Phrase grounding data

[Start of Attachment]

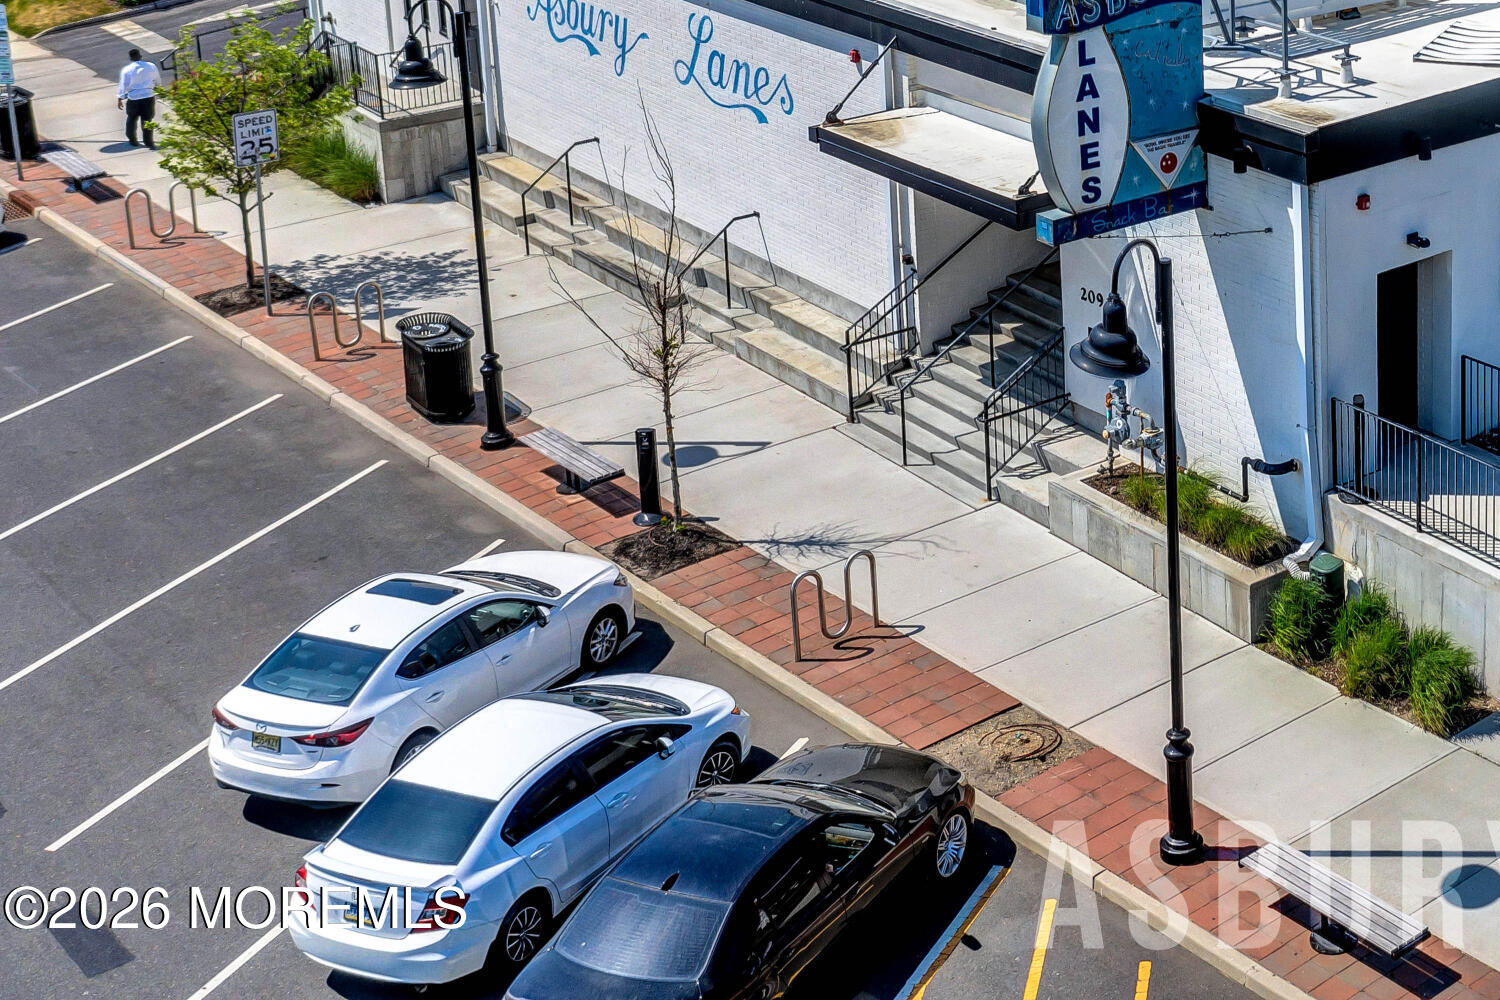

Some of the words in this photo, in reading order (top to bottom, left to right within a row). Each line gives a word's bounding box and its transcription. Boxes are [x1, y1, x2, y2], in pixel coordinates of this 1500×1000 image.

[673, 12, 795, 125] Lanes
[237, 115, 273, 129] SPEED
[1075, 39, 1102, 205] LANES
[240, 136, 274, 160] 25
[1091, 203, 1136, 233] Snack
[1080, 286, 1104, 308] 209
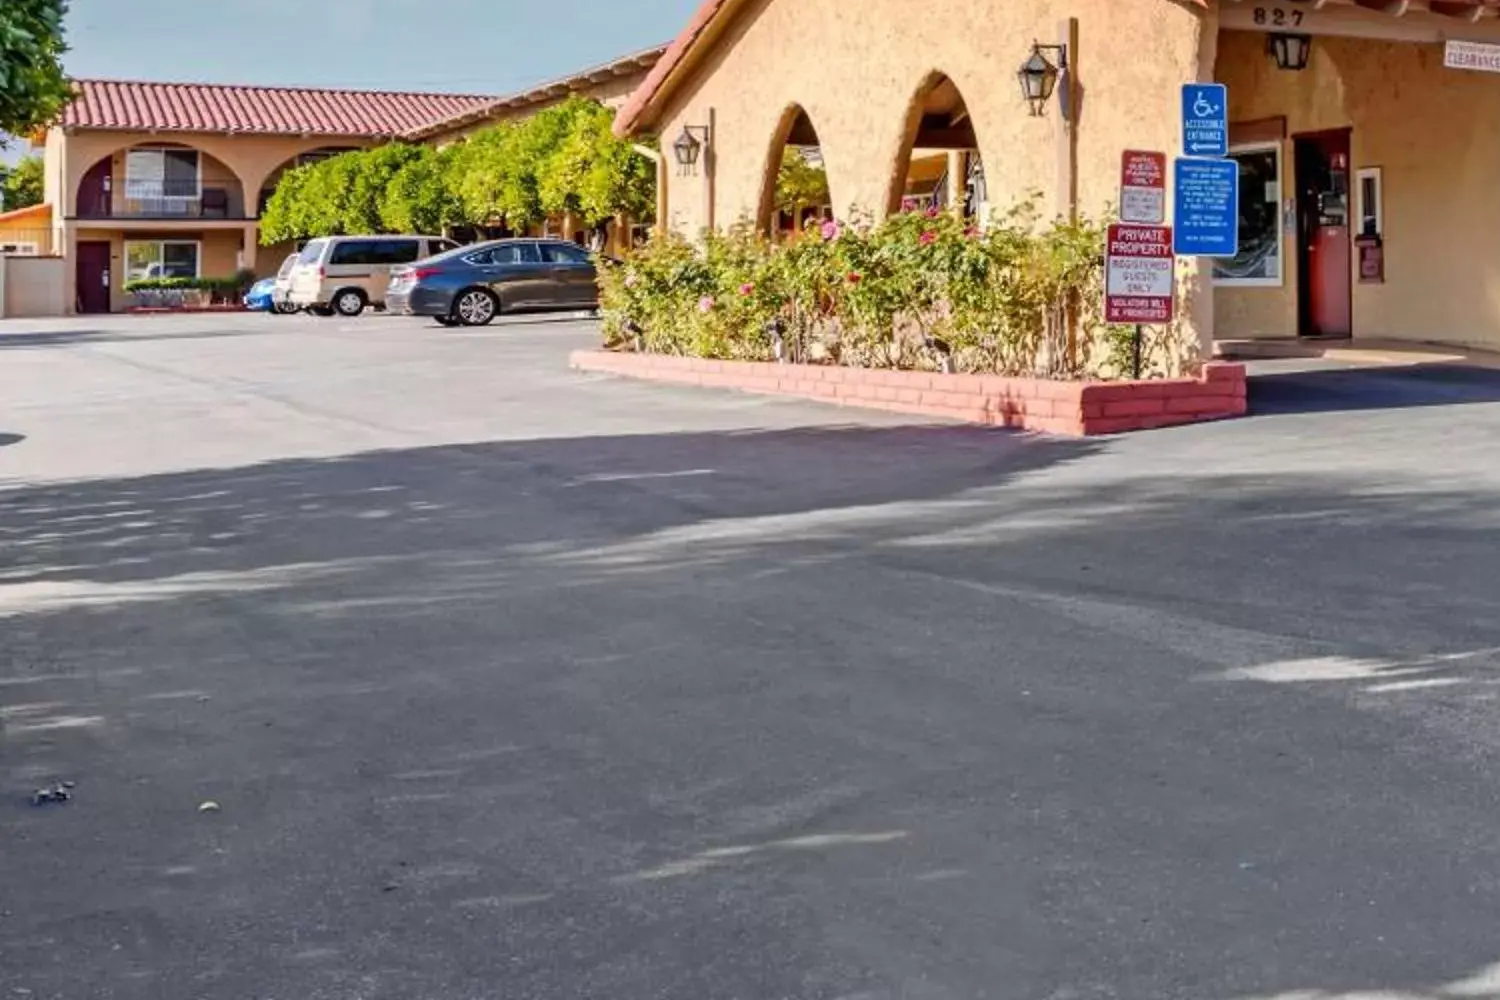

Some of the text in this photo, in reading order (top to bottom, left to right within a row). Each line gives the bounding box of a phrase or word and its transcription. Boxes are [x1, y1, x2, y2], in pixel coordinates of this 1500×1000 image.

[1253, 6, 1304, 27] 827
[1448, 52, 1500, 68] CLEARANCE
[1185, 119, 1224, 129] ACCESSIBLE
[1187, 130, 1222, 141] ENTRANCE
[1117, 228, 1165, 242] PRIVATE
[1111, 241, 1170, 255] PROPERTY
[1112, 259, 1169, 271] REGISTERED
[1122, 271, 1158, 282] GUESTS
[1127, 283, 1152, 293] ONLY
[1151, 299, 1166, 308] WILL

[End of Attachment]

▶ What to work on: The requested lines run from the one with "Some of the text" through the last line of the records. Return them exactly.

▶ Written solution:
Some of the text in this photo, in reading order (top to bottom, left to right within a row). Each line gives the bounding box of a phrase or word and its transcription. Boxes are [x1, y1, x2, y2], in pixel coordinates of this 1500×1000 image.

[1253, 6, 1304, 27] 827
[1448, 52, 1500, 68] CLEARANCE
[1185, 119, 1224, 129] ACCESSIBLE
[1187, 130, 1222, 141] ENTRANCE
[1117, 228, 1165, 242] PRIVATE
[1111, 241, 1170, 255] PROPERTY
[1112, 259, 1169, 271] REGISTERED
[1122, 271, 1158, 282] GUESTS
[1127, 283, 1152, 293] ONLY
[1151, 299, 1166, 308] WILL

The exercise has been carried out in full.